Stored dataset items

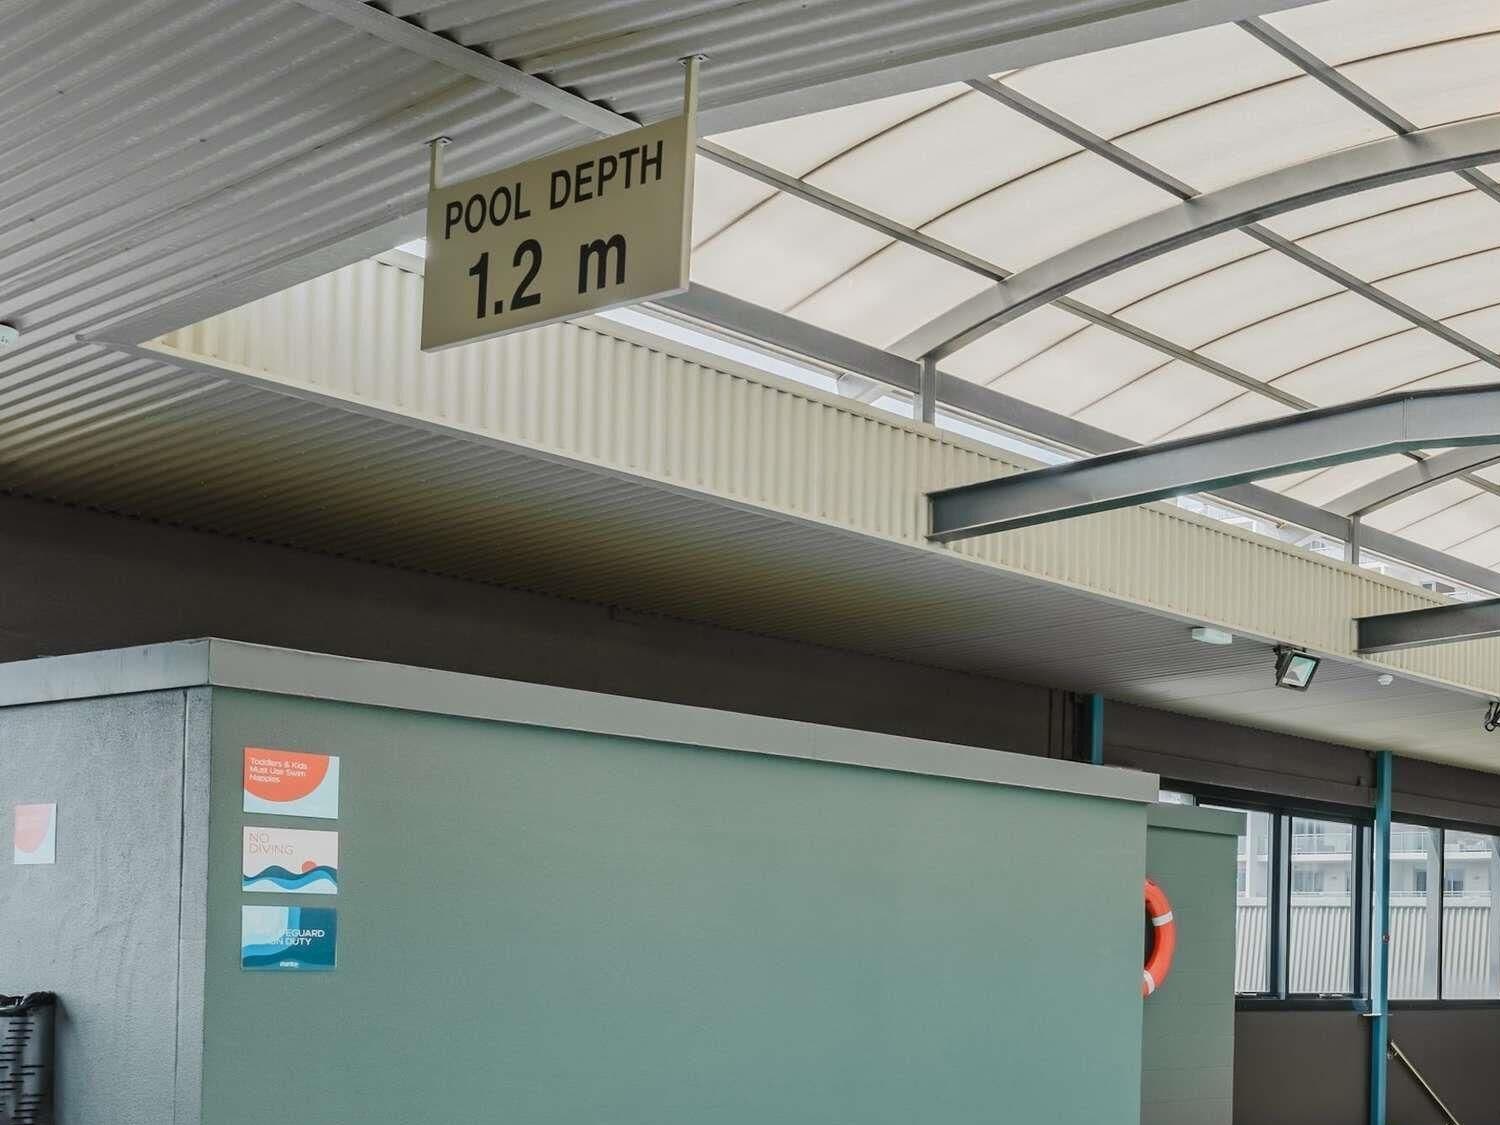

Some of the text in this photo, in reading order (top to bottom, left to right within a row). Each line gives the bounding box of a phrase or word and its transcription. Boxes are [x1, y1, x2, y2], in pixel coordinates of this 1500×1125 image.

[444, 140, 664, 239] POOL DEPTH
[468, 233, 627, 319] 1.2 m
[249, 757, 282, 767] Toddlers
[291, 760, 308, 770] Kids
[249, 766, 306, 777] Must Use Swim
[248, 832, 270, 843] NO
[248, 843, 294, 855] DIVING
[277, 928, 325, 938] FEGUARD
[286, 937, 312, 946] DUTY
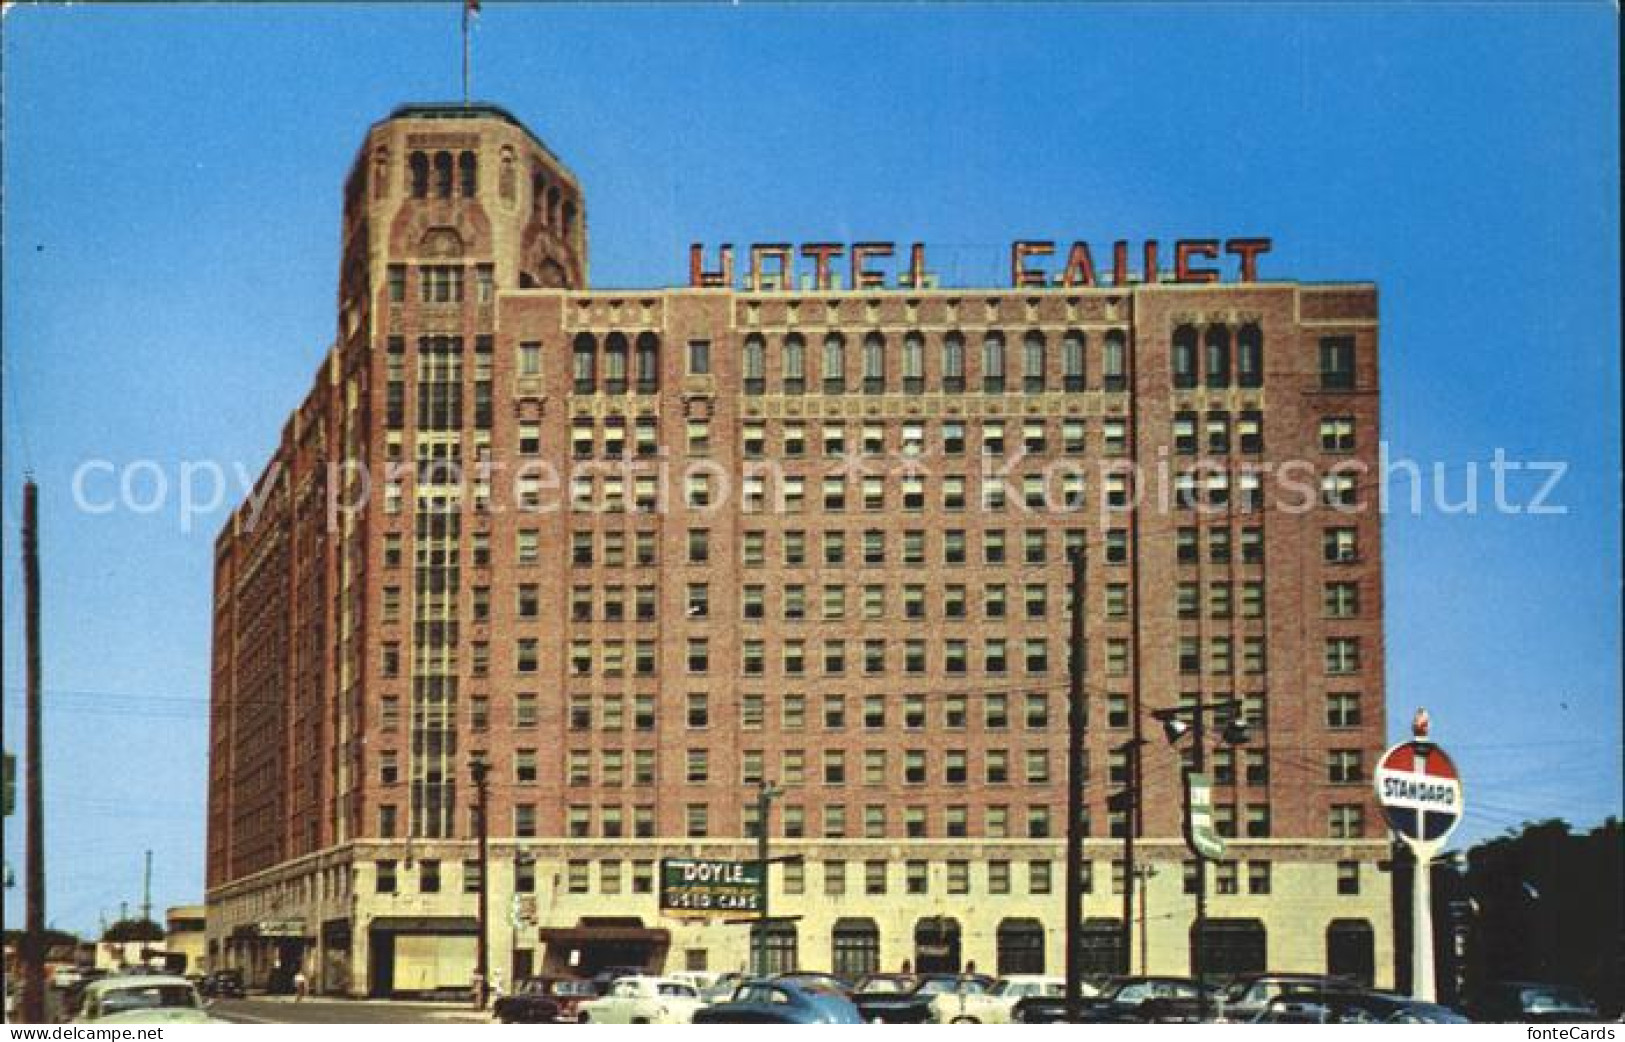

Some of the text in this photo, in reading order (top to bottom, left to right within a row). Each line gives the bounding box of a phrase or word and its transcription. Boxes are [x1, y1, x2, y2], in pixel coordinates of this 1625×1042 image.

[690, 238, 1272, 290] HOTEL FAUST
[1384, 777, 1454, 806] STANDARD
[684, 863, 744, 882] DOYLE
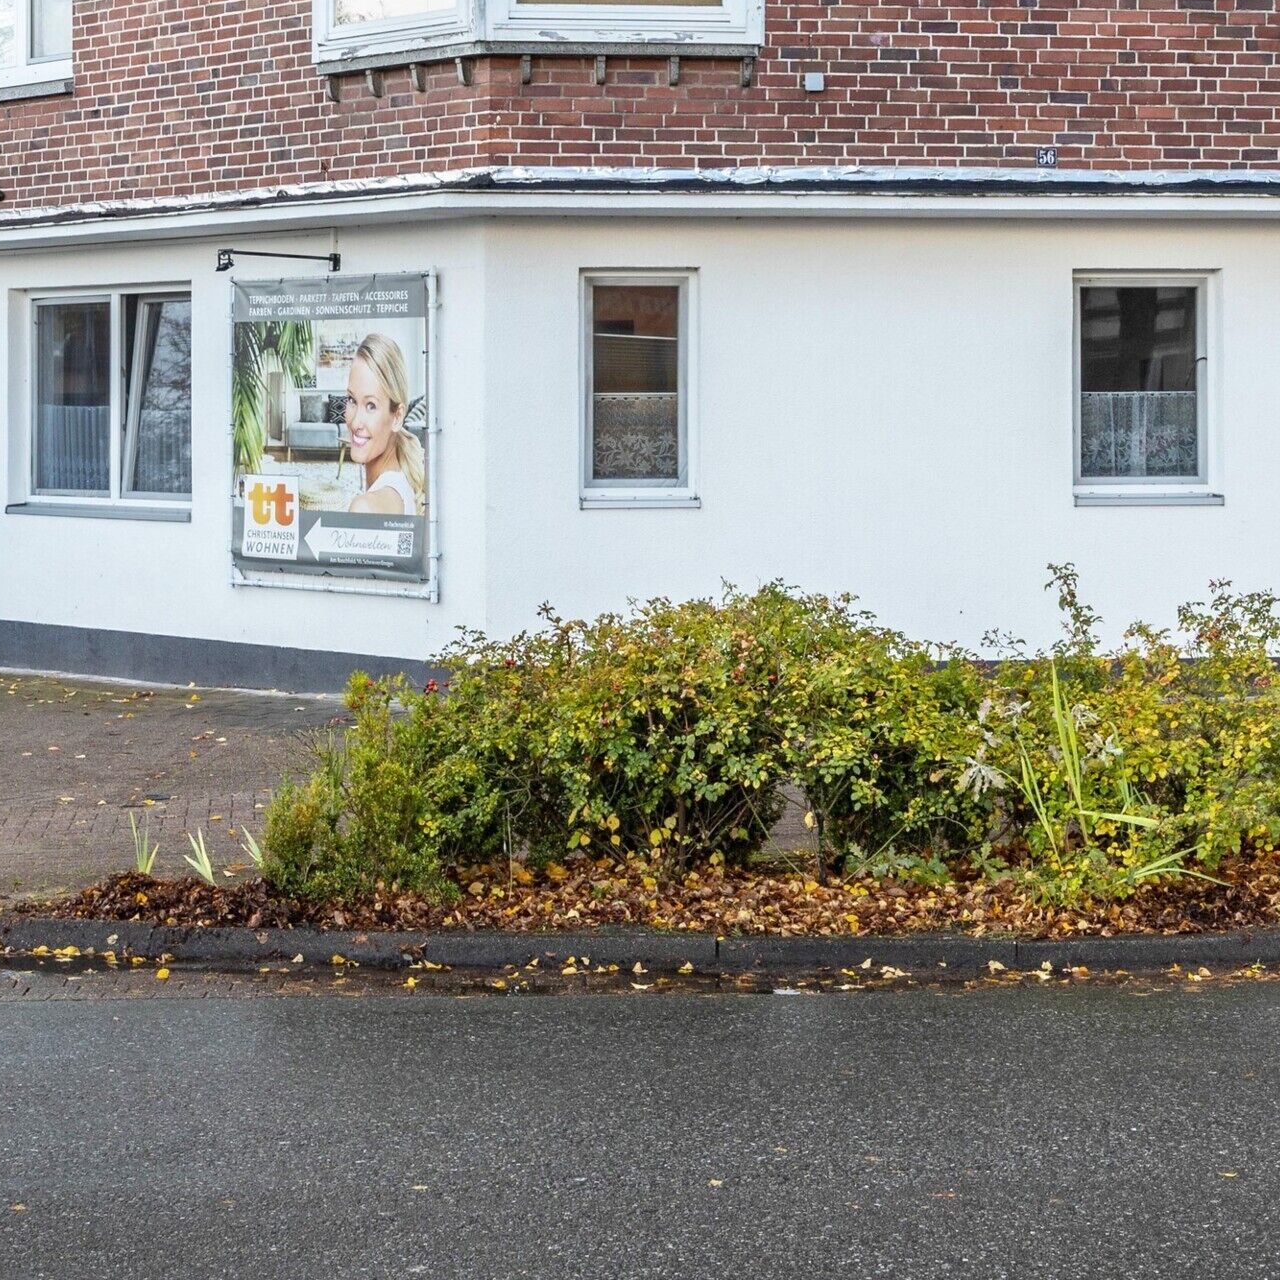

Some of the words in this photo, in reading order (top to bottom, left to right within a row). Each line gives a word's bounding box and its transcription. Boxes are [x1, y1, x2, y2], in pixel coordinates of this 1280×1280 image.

[1039, 150, 1055, 164] 56
[249, 295, 295, 305] TEPPICHBODEN
[299, 294, 327, 304] PARKETT
[331, 292, 359, 303] TAPETEN
[365, 290, 408, 301] ACCESSOIRES
[249, 307, 272, 317] FARBEN
[277, 306, 310, 316] GARDINEN
[315, 304, 371, 315] SONNENSCHUTZ
[376, 303, 409, 313] TEPPICHE
[248, 483, 294, 526] tt
[247, 530, 295, 541] CHRISTIANSEN
[246, 541, 294, 555] WOHNEN

Exercise details » Please set down the data above exactly as given, leaving every picture out.

Written solution »
Some of the text in this photo, in reading order (top to bottom, left to right within a row). Each line gives the bounding box of a phrase or word and its transcription. Boxes are [x1, y1, x2, y2], in pixel coordinates of this 1500×1125 image.

[444, 140, 664, 239] POOL DEPTH
[468, 233, 627, 319] 1.2 m
[249, 757, 282, 767] Toddlers
[291, 760, 308, 770] Kids
[249, 766, 306, 777] Must Use Swim
[248, 832, 270, 843] NO
[248, 843, 294, 855] DIVING
[277, 928, 325, 938] FEGUARD
[286, 937, 312, 946] DUTY

Some of the text in this photo, in reading order (top to bottom, left to right within a row). Each line gives the bounding box of a phrase or word and its transcription. Boxes are [x1, y1, x2, y2], in pixel coordinates of this 1625×1042 image.

[690, 238, 1272, 290] HOTEL FAUST
[1384, 777, 1454, 806] STANDARD
[684, 863, 744, 882] DOYLE

Some of the words in this photo, in reading order (top to bottom, left to right within a row). Each line gives a word's bounding box and its transcription. Boxes are [x1, y1, x2, y2], in pixel coordinates of this 1280×1280 image.

[1039, 150, 1055, 164] 56
[249, 295, 295, 305] TEPPICHBODEN
[299, 294, 327, 304] PARKETT
[331, 292, 359, 303] TAPETEN
[365, 290, 408, 301] ACCESSOIRES
[249, 307, 272, 317] FARBEN
[277, 306, 310, 316] GARDINEN
[315, 304, 371, 315] SONNENSCHUTZ
[376, 303, 409, 313] TEPPICHE
[248, 483, 294, 526] tt
[247, 530, 295, 541] CHRISTIANSEN
[246, 541, 294, 555] WOHNEN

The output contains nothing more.